▸ **Saved data entries**
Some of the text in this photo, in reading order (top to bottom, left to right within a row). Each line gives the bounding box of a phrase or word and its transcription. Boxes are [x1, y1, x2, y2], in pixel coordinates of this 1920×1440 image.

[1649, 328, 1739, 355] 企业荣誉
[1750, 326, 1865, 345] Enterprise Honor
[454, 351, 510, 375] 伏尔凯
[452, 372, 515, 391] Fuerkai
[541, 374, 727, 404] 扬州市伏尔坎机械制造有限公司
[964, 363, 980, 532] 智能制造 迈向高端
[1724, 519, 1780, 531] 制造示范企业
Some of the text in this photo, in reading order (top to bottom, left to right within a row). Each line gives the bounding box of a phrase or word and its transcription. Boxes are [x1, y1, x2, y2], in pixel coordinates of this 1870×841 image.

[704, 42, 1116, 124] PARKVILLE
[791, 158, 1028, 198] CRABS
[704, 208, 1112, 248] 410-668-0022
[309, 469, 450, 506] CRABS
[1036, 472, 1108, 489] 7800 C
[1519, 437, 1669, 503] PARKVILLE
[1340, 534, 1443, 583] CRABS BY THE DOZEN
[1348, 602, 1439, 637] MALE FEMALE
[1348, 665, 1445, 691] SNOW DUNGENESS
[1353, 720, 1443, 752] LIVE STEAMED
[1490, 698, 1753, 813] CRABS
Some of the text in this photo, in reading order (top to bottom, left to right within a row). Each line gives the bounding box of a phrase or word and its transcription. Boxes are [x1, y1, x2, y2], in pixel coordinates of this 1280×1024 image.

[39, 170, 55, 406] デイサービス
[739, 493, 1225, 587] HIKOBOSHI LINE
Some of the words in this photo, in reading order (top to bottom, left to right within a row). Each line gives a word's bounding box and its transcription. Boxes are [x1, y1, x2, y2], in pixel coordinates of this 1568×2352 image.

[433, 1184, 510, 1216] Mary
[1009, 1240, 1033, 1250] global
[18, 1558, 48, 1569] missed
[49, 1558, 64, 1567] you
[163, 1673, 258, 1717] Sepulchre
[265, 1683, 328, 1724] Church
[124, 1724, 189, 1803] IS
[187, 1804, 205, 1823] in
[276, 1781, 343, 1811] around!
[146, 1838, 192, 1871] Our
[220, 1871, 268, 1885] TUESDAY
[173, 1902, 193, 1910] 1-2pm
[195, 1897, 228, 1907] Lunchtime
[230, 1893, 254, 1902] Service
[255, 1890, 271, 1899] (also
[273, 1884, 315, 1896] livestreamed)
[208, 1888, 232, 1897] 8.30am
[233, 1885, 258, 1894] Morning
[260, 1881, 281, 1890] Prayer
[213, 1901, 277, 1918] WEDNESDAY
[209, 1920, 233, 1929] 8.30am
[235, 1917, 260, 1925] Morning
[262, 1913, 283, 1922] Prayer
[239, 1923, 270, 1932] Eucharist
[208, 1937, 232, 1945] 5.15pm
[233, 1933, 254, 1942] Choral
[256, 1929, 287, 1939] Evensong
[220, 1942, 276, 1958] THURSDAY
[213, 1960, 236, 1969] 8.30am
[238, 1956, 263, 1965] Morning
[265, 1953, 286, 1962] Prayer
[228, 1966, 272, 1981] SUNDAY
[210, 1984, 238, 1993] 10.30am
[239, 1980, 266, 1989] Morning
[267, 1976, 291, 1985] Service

▸ **Your instructions**
Output must be limited to the lines beginning with the one that contains "Some of the words" and ending with the last line of the entries, reproduced exactly.

▸ **Answer to the problem**
Some of the words in this photo, in reading order (top to bottom, left to right within a row). Each line gives a word's bounding box and its transcription. Boxes are [x1, y1, x2, y2], in pixel coordinates of this 1568×2352 image.

[433, 1184, 510, 1216] Mary
[1009, 1240, 1033, 1250] global
[18, 1558, 48, 1569] missed
[49, 1558, 64, 1567] you
[163, 1673, 258, 1717] Sepulchre
[265, 1683, 328, 1724] Church
[124, 1724, 189, 1803] IS
[187, 1804, 205, 1823] in
[276, 1781, 343, 1811] around!
[146, 1838, 192, 1871] Our
[220, 1871, 268, 1885] TUESDAY
[173, 1902, 193, 1910] 1-2pm
[195, 1897, 228, 1907] Lunchtime
[230, 1893, 254, 1902] Service
[255, 1890, 271, 1899] (also
[273, 1884, 315, 1896] livestreamed)
[208, 1888, 232, 1897] 8.30am
[233, 1885, 258, 1894] Morning
[260, 1881, 281, 1890] Prayer
[213, 1901, 277, 1918] WEDNESDAY
[209, 1920, 233, 1929] 8.30am
[235, 1917, 260, 1925] Morning
[262, 1913, 283, 1922] Prayer
[239, 1923, 270, 1932] Eucharist
[208, 1937, 232, 1945] 5.15pm
[233, 1933, 254, 1942] Choral
[256, 1929, 287, 1939] Evensong
[220, 1942, 276, 1958] THURSDAY
[213, 1960, 236, 1969] 8.30am
[238, 1956, 263, 1965] Morning
[265, 1953, 286, 1962] Prayer
[228, 1966, 272, 1981] SUNDAY
[210, 1984, 238, 1993] 10.30am
[239, 1980, 266, 1989] Morning
[267, 1976, 291, 1985] Service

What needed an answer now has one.